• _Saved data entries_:
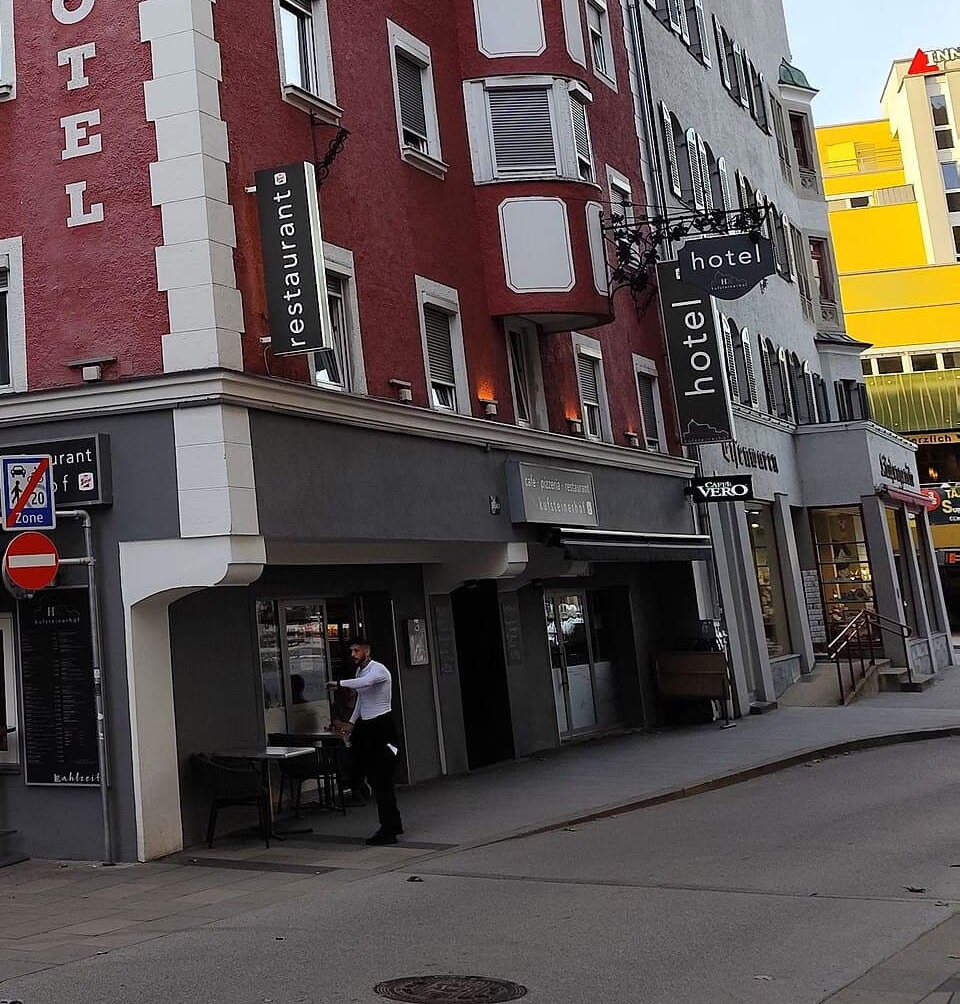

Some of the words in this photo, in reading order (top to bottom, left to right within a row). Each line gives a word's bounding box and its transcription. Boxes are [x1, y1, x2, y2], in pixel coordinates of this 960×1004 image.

[691, 243, 761, 271] hotel
[273, 189, 307, 347] restaurant
[671, 299, 716, 396] hotel
[904, 434, 952, 444] erzlich
[697, 484, 749, 497] VERO
[31, 491, 45, 505] 20
[15, 512, 44, 524] Zone
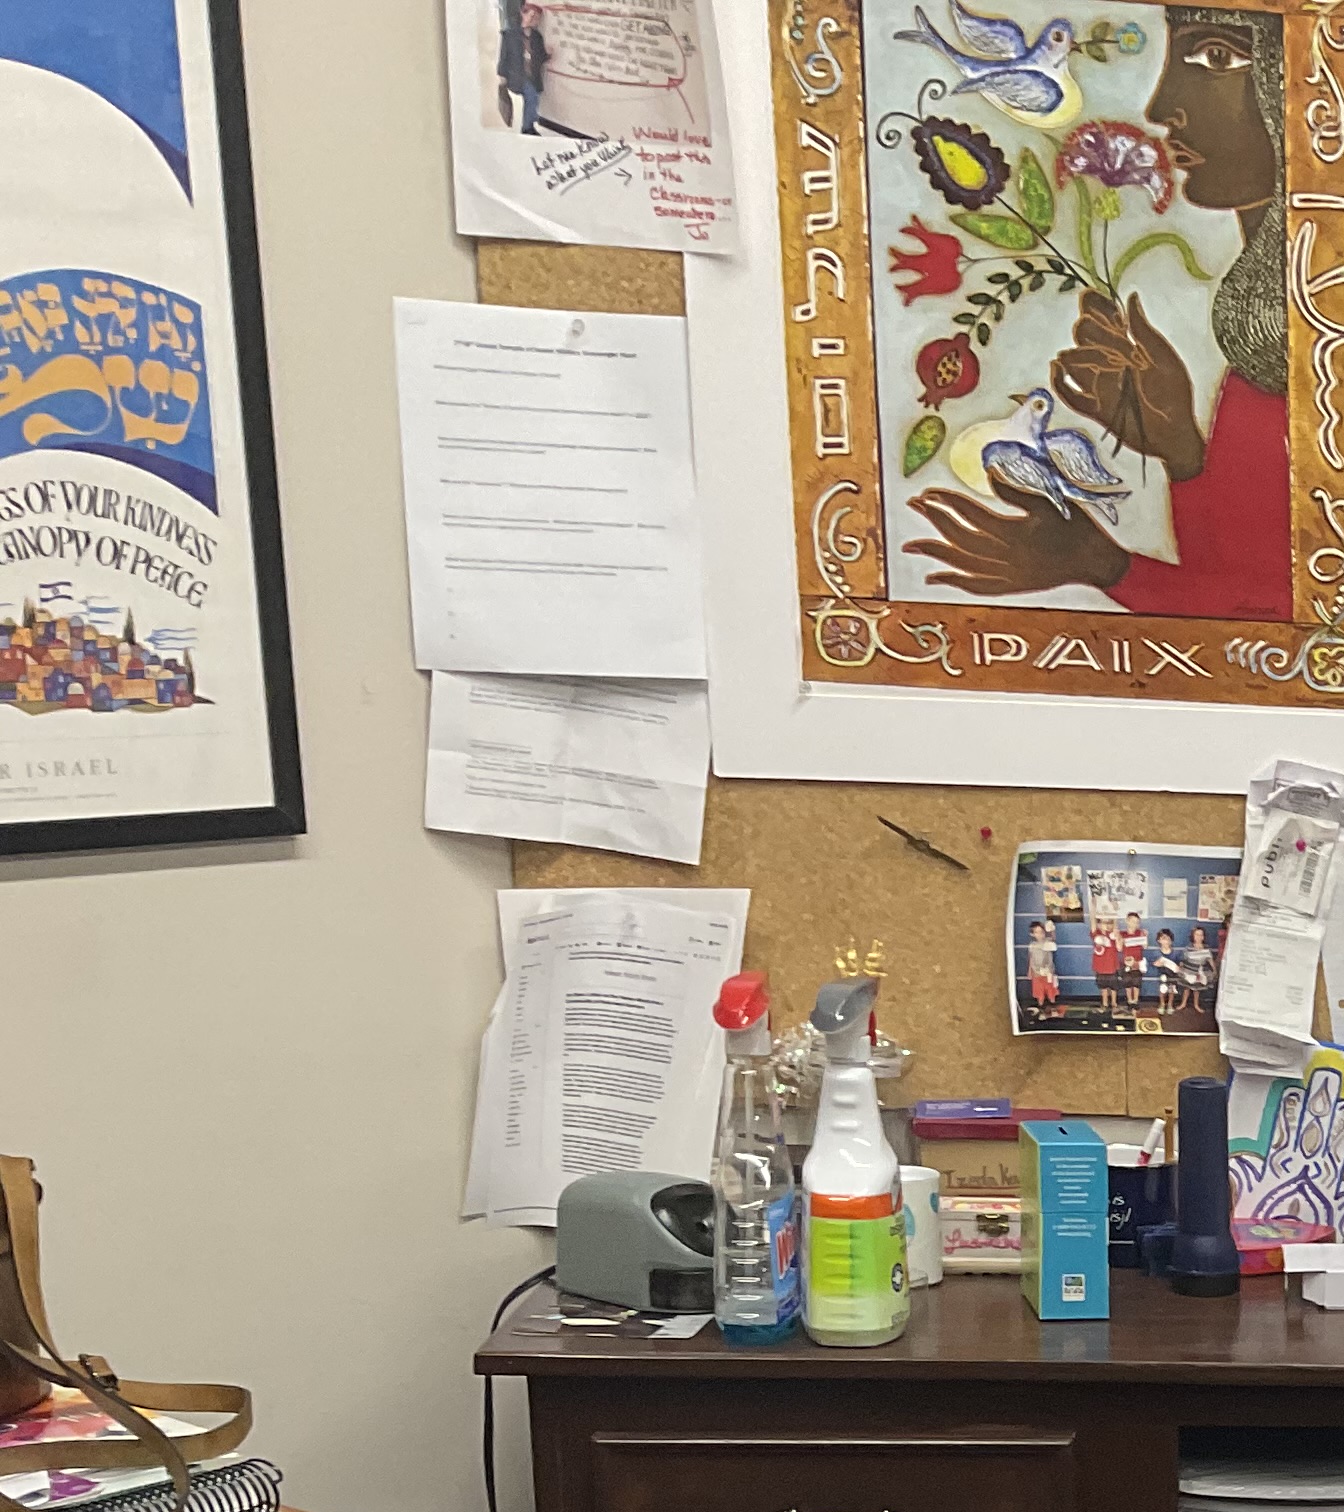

• _Exercise directions_: The answer must be an exact copy of the entries, with the pictures omitted.

• _Your solution_:
Some of the words in this photo, in reading order (top to bottom, left to right within a row). Each line gives a word's bounding box and its transcription. Boxes are [x1, y1, x2, y2], in pixel coordinates of this 960×1004 image.

[691, 243, 761, 271] hotel
[273, 189, 307, 347] restaurant
[671, 299, 716, 396] hotel
[904, 434, 952, 444] erzlich
[697, 484, 749, 497] VERO
[31, 491, 45, 505] 20
[15, 512, 44, 524] Zone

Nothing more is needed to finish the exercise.